A recent study provides new insights into redox regulation of Smac mimetic-mediated cell death. Schoeneberger et al. report that inhibition of one of the key antioxidant defense pathways via depletion of glutathione (GSH) using buthionine sulfoximine (BSO) renders ALL cells sensitive to apoptosis induced by the Smac mimetic BV6. This synergistic induction of apoptosis by combined treatment with BV6 and BSO occurs not only in ALL cell lines, but also in patient-derived primary leukemic samples, thus emphasizing the clinical relevance of this discovery. In contrast, combination treatment with BV6 and BSO failed to cooperate in the activation of cell death pathways in normal lymphohematopoietic cells derived from healthy donors, which points to at least some level of tumor selectivity. In mechanistic terms, BV6 and BSO act in concert to trigger the generation of reactive oxygen species (ROS). This BV6/BSO-stimulated ROS production is critically required for cell death induction, since different ROS scavengers protected ALL cells from cell death in response to combination treatment. Intriguingly, lipid peroxidation most likely caused by ROS production in the vicinity of lipid membranes turned out to be crucial for BV6/BSO-induced cell death. This conclusion is supported by pharmacologic and genetic evidence, as inhibition of lipid peroxidation by α-tocopherol or by overexpression of GHS peroxidase 4 (GPX4) can rescue BV6/BSO-induced cell death. GPX4 is the only GPX that reduces hydroperoxides within membranes. The important role of lipid peroxidation is further underscored by experiments showing that RNA interference-mediated silencing of GPX4 increases lipid peroxidation in parallel with cell death upon treatment with BV6 and BSO. Whereas GPX4 has recently been described to play an important role in the regulation of ferroptosis, an iron-dependent mode of non-apoptotic cell death, BV6/BSO-triggered cell death cannot be inhibited by iron-chelating compounds.
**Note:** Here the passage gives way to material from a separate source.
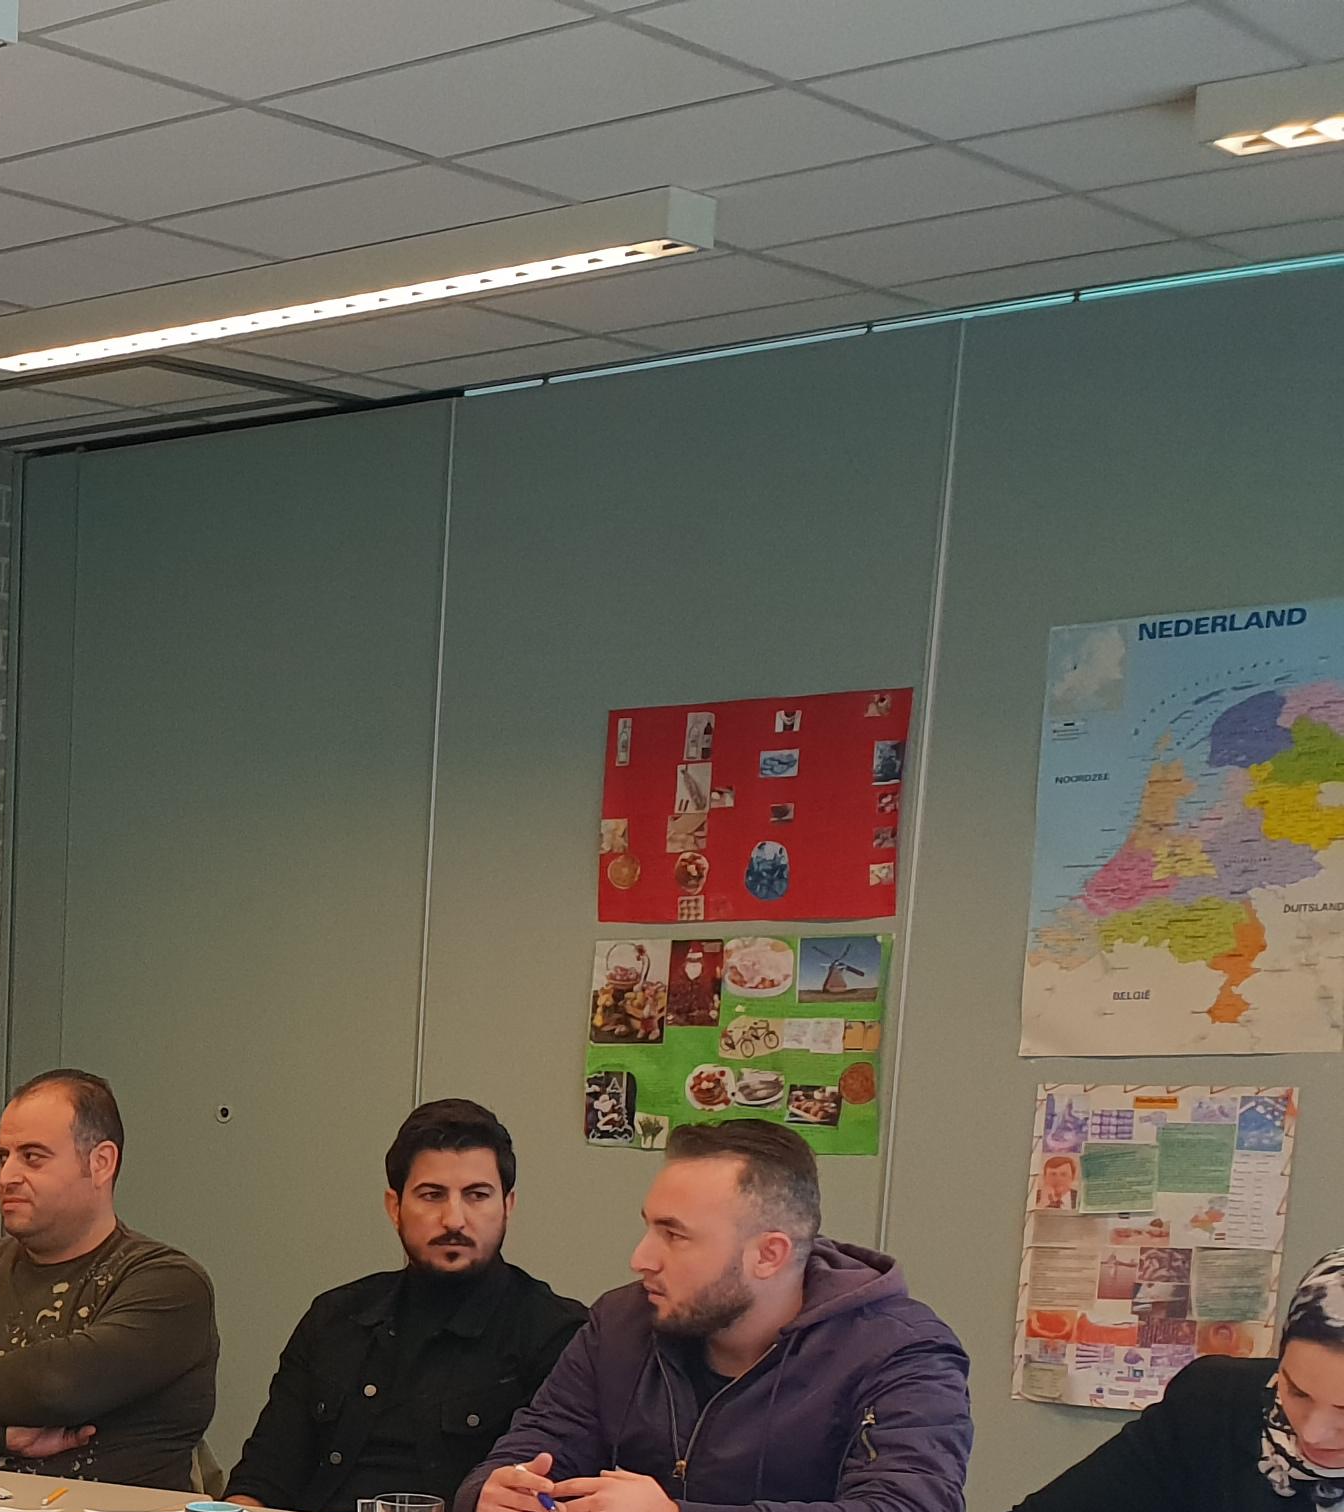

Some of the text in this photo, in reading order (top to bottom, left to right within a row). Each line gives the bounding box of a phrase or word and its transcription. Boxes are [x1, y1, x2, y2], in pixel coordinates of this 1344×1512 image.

The discovery of redox regulation of Smac mimetic-induced cell death has important implications for the design of therapeutic strategies using Smac mimetics in pediatric ALL. It is important to note that the GSH-depleting agent BSO is already being evaluated in clinical trials, including clinical studies in pediatric patients. This emphasizes the feasibility of translating this novel combination approach into clinical application. Since redox homeostasis has been described to be dysregulated in acute leukemia with a concomitant increase in both ROS levels and antioxidant defense mechanisms, the use of GSH-depleting agents might provide a tool to target this survival strategy in ALL cells. In conclusion, regulation of Smac mimetic-mediated cell death in ALL through the cellular redox status may open novel perspectives for the use of Smac mimetics as cancer therapeutics.

Disclosure of Potential Conflicts of Interest

No potential conflicts of interest were disclosed.